We need to port the max minigame

[kbuzzard]

In lectures I raised the question of showing that the collection of all subsets of the naturals that contained the infinite set {m,m+1,m+2,m+3,...} for some number m, was a filter.

The proof that the intersection of two sets of this form is also of this form, involves using facts about the maximum of two numbers m and n. So to do this level we need to know something about the API (the main theorems) for Lean's max function.

I once wrote down this API and made a one-world game called the Max Minigame once. The game is still online here: https://www.ma.imperial.ac.uk/~buzzard/xena/max_minigame/

And the proofs (written in Lean 3) are here. A port of this game to a world of the Filter Game would be welcome! You could call it MinMaxWorld. You should present the inequalities as axioms and offer them all to the reader in world 1. Probably you should prove everything for a general totally ordered type. You'll need to translate the proofs from Lean 3: Just do this by hand or with Copilot or whatever; cases is now cases' and split is now constructor.

[kbuzzard]

Question: how much of it works for a general lattice? This is a partially ordered set which has sups and infs for two elements. Here's some example code.

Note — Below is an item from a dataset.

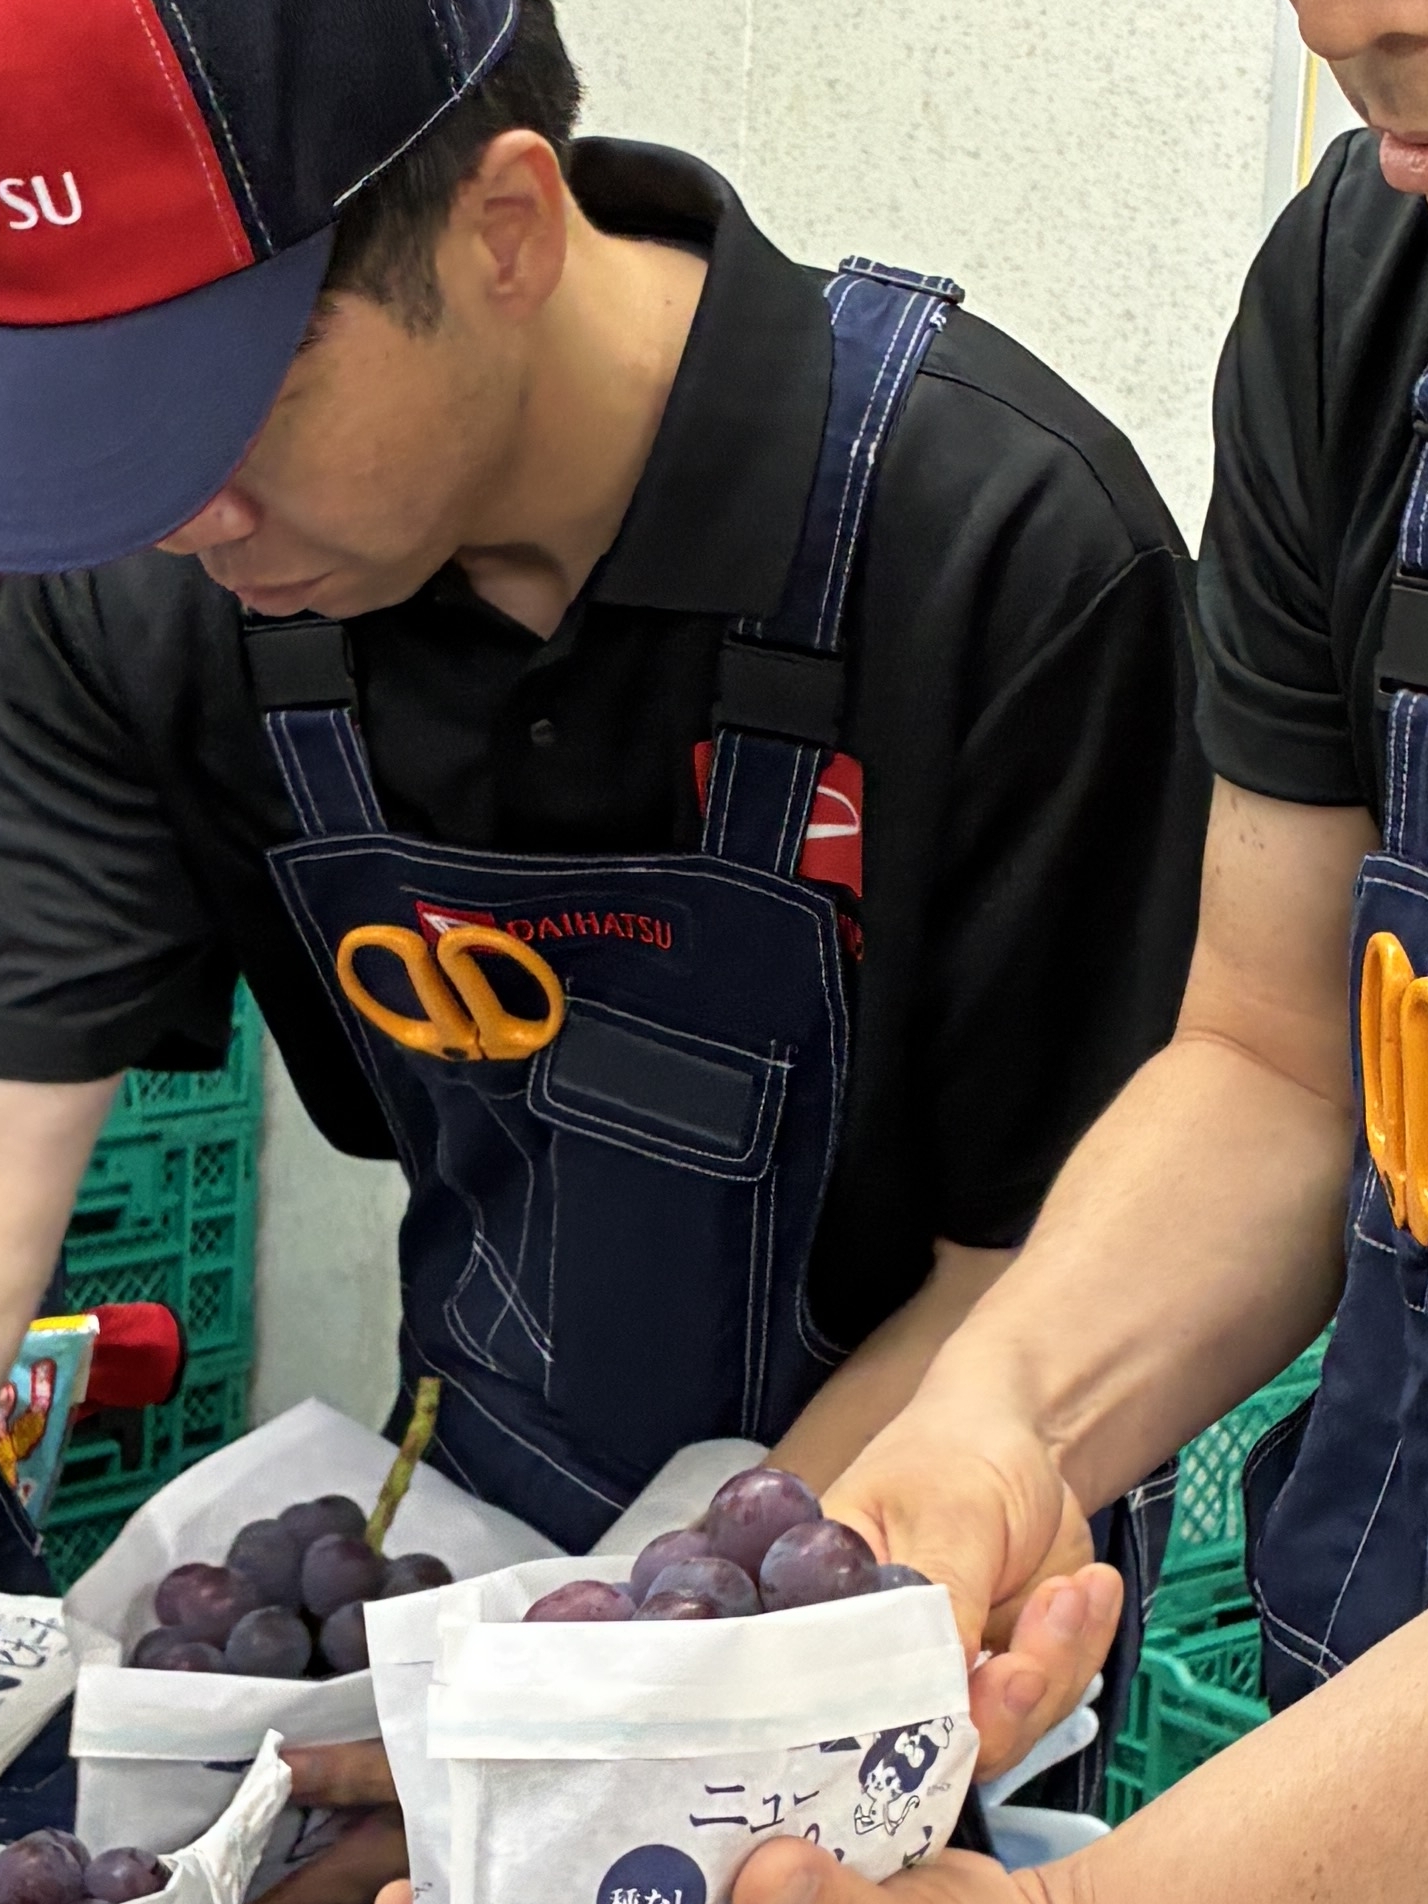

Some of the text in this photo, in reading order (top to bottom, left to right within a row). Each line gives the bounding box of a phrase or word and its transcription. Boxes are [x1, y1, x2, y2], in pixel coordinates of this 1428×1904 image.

-- hunch : max min stuff works not just for total orders but for *lattices*

-- Open problem: how much of the game doesn't actually assume total order?

import Game.Levels.SetWorld

-- let L be a lattice
variable (L : Type) [Lattice L] (a b c : L)

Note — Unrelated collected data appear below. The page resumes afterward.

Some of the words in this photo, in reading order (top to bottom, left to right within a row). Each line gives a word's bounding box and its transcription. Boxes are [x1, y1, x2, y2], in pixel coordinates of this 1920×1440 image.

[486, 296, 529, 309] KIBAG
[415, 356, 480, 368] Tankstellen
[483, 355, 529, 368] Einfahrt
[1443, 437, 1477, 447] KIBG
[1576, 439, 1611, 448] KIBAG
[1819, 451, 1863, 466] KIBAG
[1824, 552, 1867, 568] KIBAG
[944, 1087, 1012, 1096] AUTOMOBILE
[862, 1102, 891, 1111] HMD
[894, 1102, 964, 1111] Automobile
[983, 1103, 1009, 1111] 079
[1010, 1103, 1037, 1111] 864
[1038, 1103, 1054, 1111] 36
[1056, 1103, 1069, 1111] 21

#check a ≤ b -- a true-false statement

example (h1 : a ≤ b) (h2 : b ≤ c) : a ≤ c := by
  -- idea: make some kind of lattice tactic which does stuff like the below
  aesop (add unsafe [le_trans, inf_le_right, le_sup_left])

#check a ⊔ b -- least upper bound of a and b

example : a ≤ a ⊔ b := by exact SemilatticeSup.le_sup_left a b
example : b ≤ a ⊔ b := by exact SemilatticeSup.le_sup_right a b

example (h1 : a ≤ c) (h2 : b ≤ c) : a ⊔ b ≤ c := by exact SemilatticeSup.sup_le a b c h1 h2

-- conclusion: a ⊔ b = least uipper bound of a and b

#check a ⊓ b -- greatest lower bounds also exist

-- does max minigame work in this generality? I have no idea

[kbuzzard]

We need this stuff when we do example 2 and 3 of filters, i.e. atTop and nhds. Right now I'm putting these off!